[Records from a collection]
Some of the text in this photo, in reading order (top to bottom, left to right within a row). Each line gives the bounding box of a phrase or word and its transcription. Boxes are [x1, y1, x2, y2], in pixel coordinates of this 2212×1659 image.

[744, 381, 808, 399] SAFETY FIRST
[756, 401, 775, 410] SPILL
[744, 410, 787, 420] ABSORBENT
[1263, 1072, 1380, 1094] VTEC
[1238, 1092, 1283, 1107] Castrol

> _EXERCISE REQUIREMENTS_
The answer must be a word-for-word transcription of every record above.

> _EXERCISE RESPONSE_
Some of the text in this photo, in reading order (top to bottom, left to right within a row). Each line gives the bounding box of a phrase or word and its transcription. Boxes are [x1, y1, x2, y2], in pixel coordinates of this 2212×1659 image.

[744, 381, 808, 399] SAFETY FIRST
[756, 401, 775, 410] SPILL
[744, 410, 787, 420] ABSORBENT
[1263, 1072, 1380, 1094] VTEC
[1238, 1092, 1283, 1107] Castrol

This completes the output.